--- Work instruction ---
Retype the following records exactly and exclude the pictures.

-- Opening Marker --

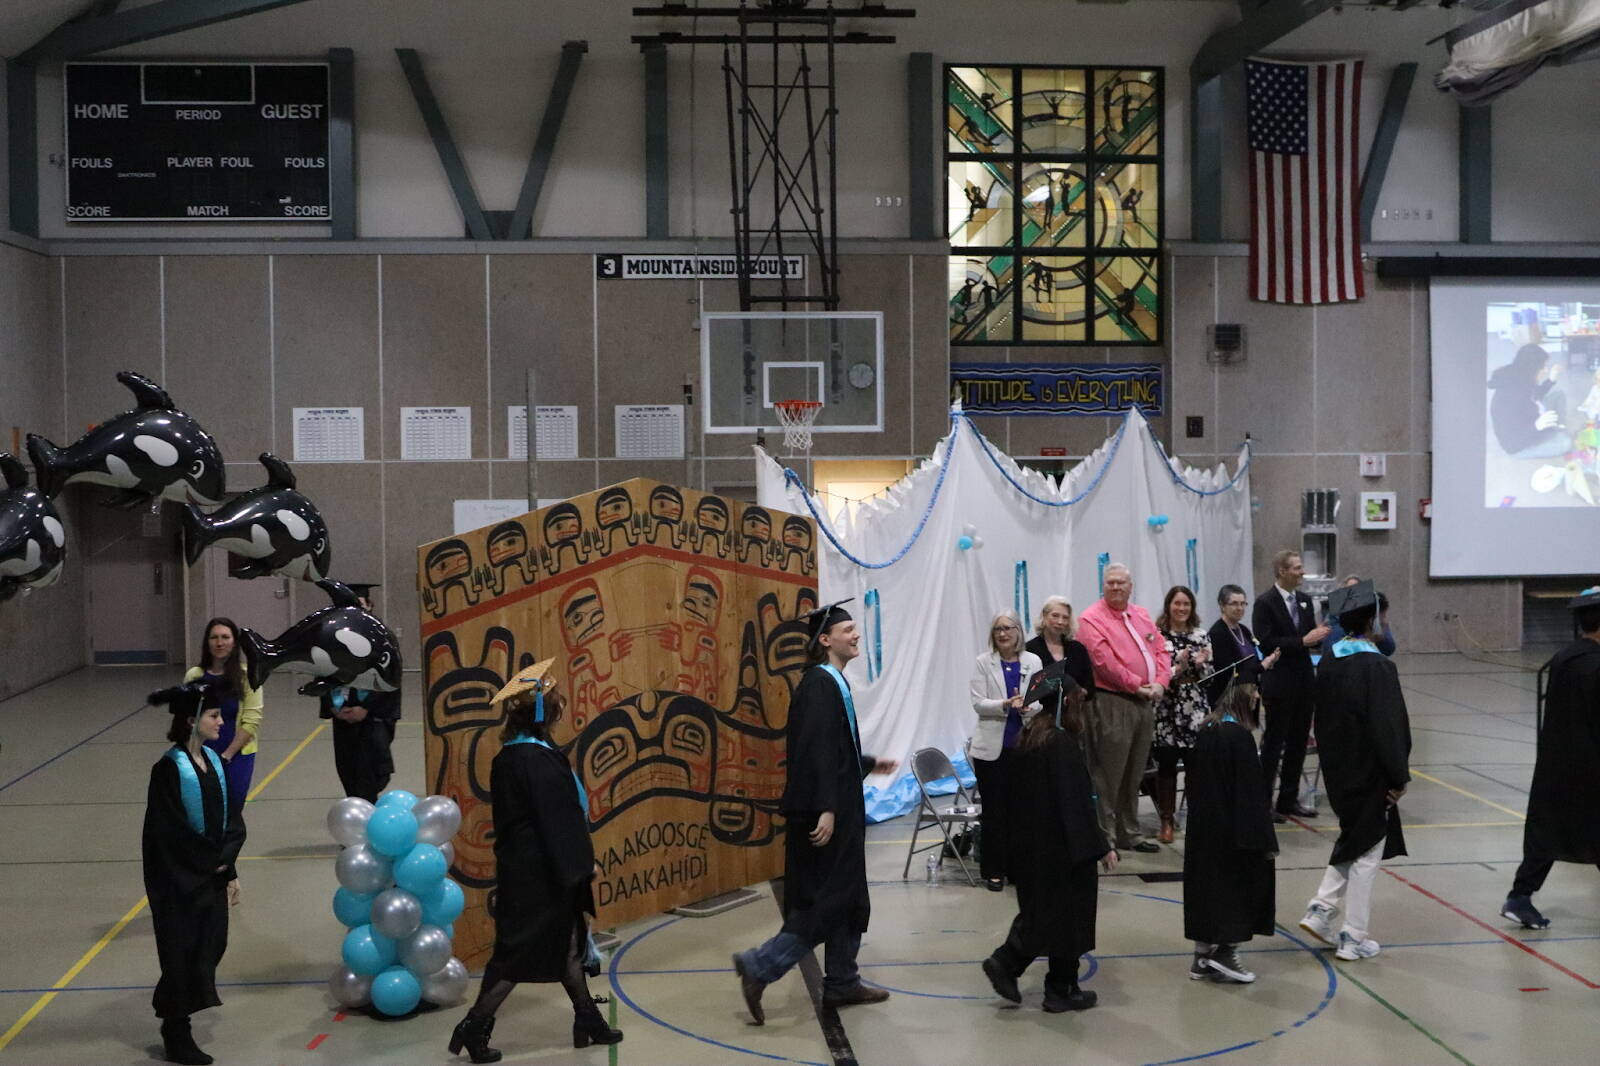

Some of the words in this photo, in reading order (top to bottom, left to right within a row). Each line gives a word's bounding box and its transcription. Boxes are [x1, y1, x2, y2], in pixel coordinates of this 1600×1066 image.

[74, 103, 129, 119] HOME
[175, 109, 222, 121] PERIOD
[260, 104, 324, 120] GUEST
[71, 157, 113, 169] FOULS
[167, 157, 214, 168] PLAYER
[220, 157, 253, 168] FOUL
[284, 157, 326, 169] FOULS
[67, 206, 111, 217] SCORE
[187, 206, 230, 217] MATCH
[284, 206, 329, 217] SCORE
[603, 259, 616, 275] 3
[627, 259, 746, 275] MOUNTANSID
[1057, 376, 1158, 408] EVERYTHING
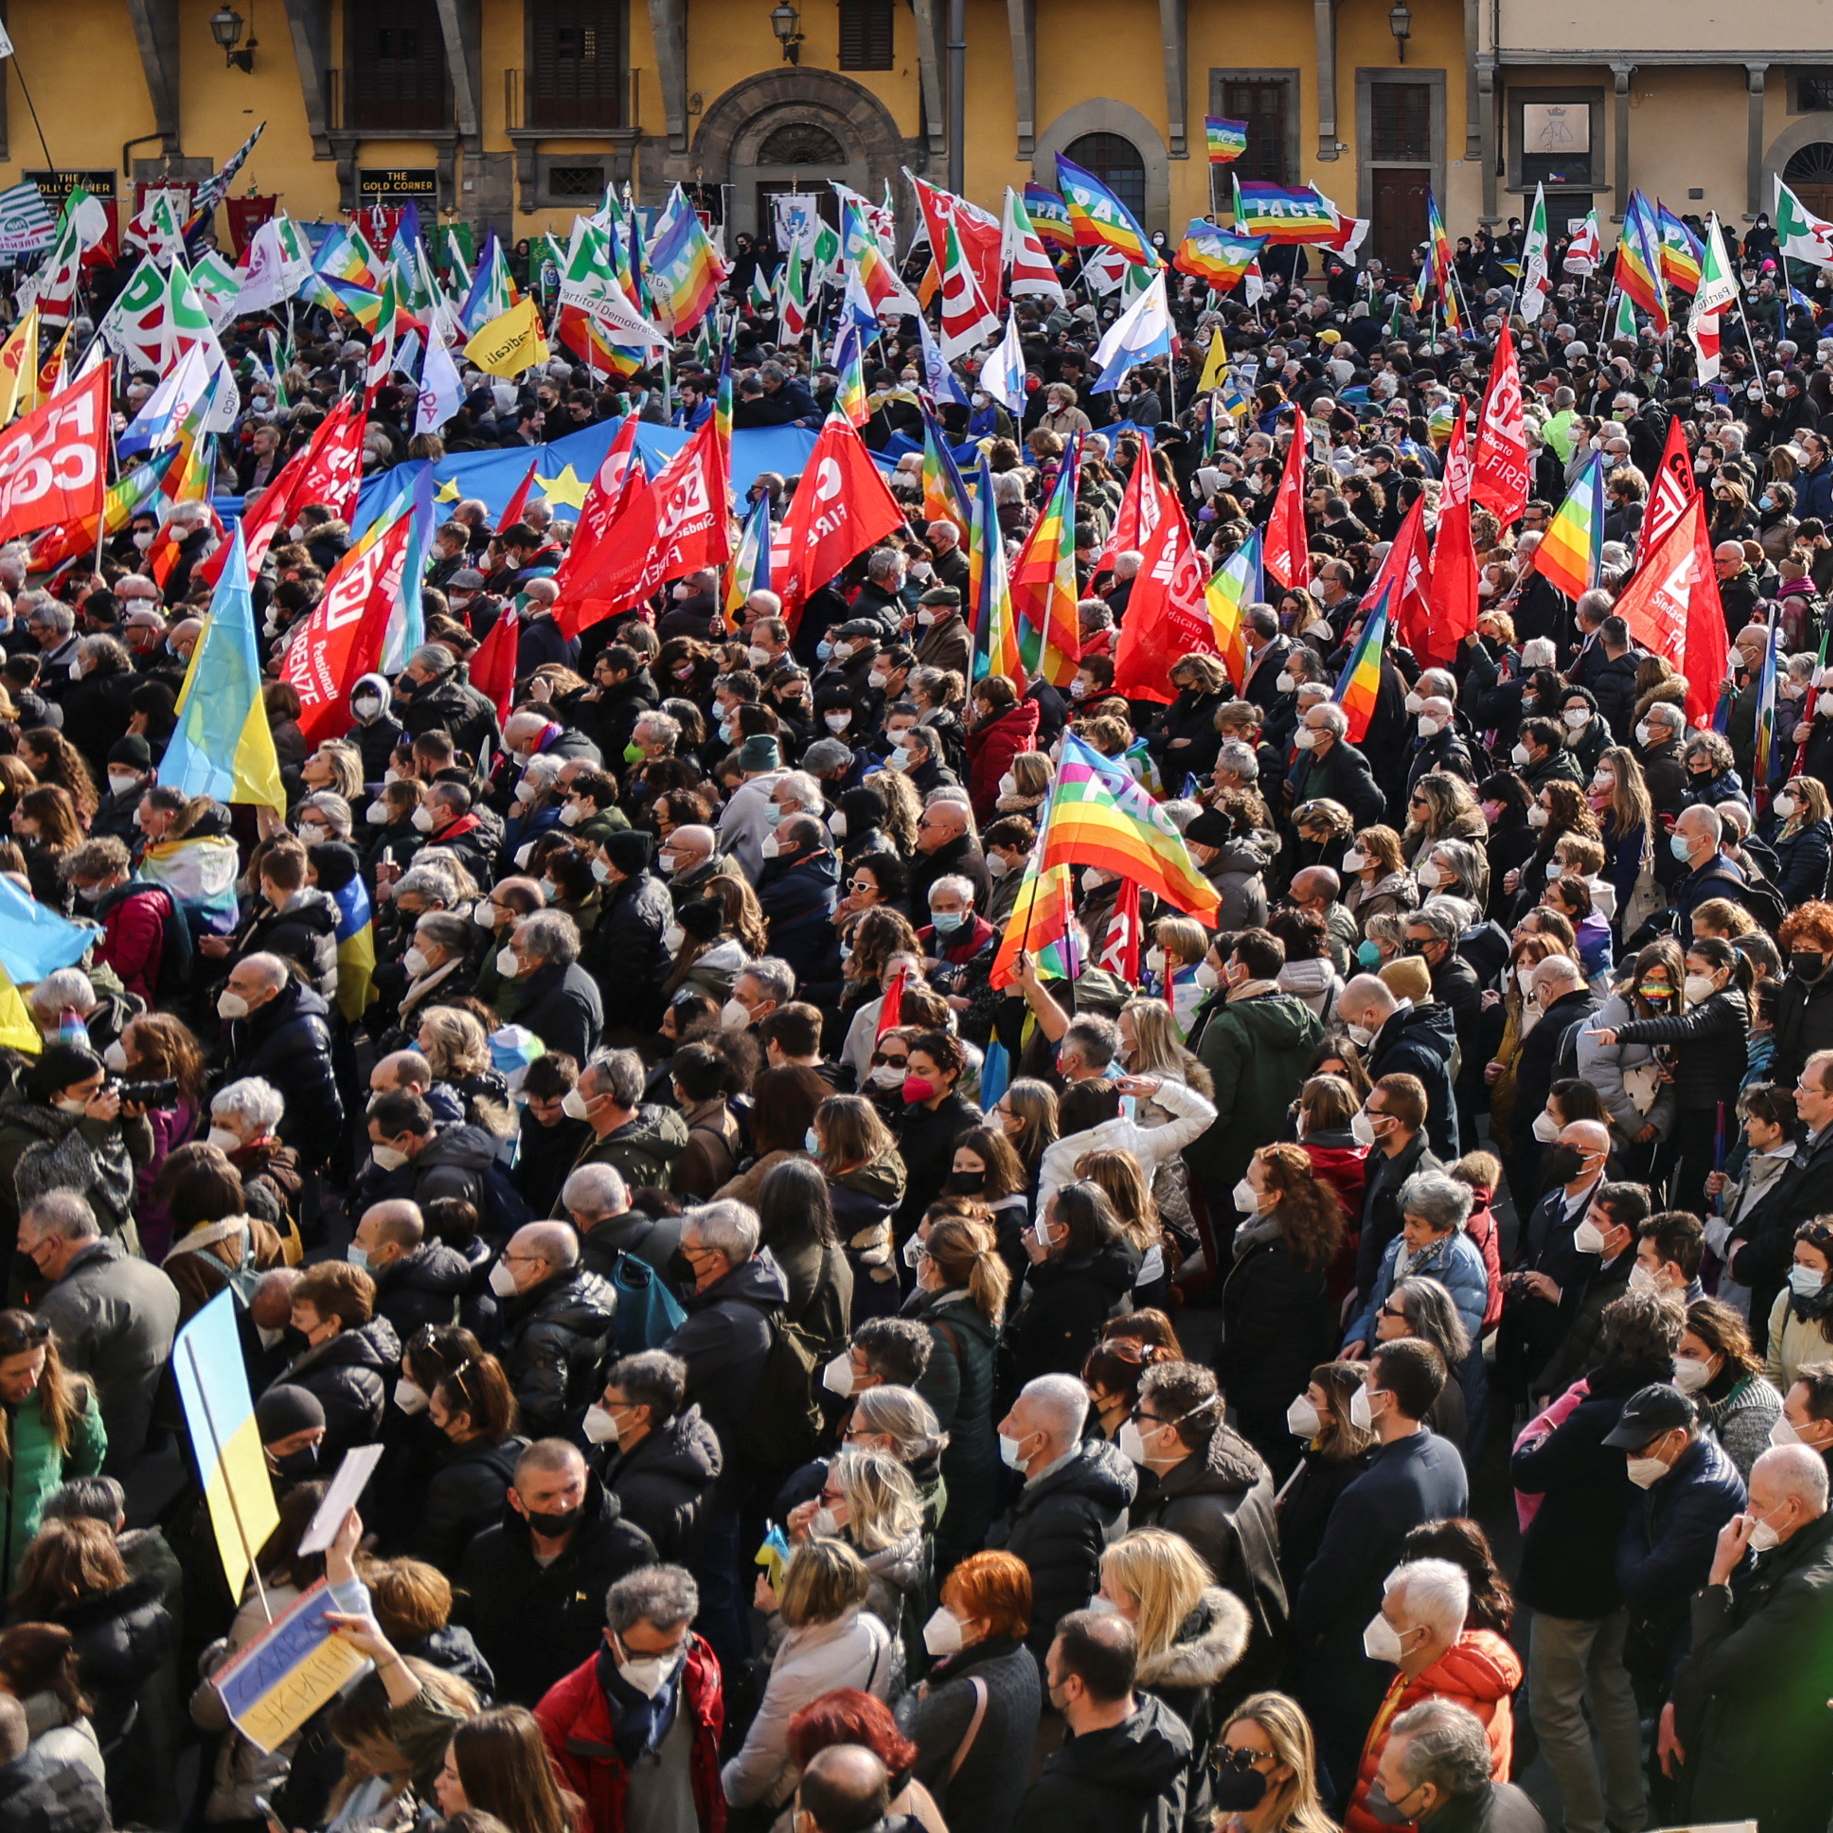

-- Closing Marker --

--- Result of this task ---
Some of the words in this photo, in reading order (top to bottom, left to right within a row). Each line gives a word's bounding box and its transcription. Boxes are [x1, y1, x2, y2], in pixel coordinates of this 1600×1066 image.

[74, 103, 129, 119] HOME
[175, 109, 222, 121] PERIOD
[260, 104, 324, 120] GUEST
[71, 157, 113, 169] FOULS
[167, 157, 214, 168] PLAYER
[220, 157, 253, 168] FOUL
[284, 157, 326, 169] FOULS
[67, 206, 111, 217] SCORE
[187, 206, 230, 217] MATCH
[284, 206, 329, 217] SCORE
[603, 259, 616, 275] 3
[627, 259, 746, 275] MOUNTANSID
[1057, 376, 1158, 408] EVERYTHING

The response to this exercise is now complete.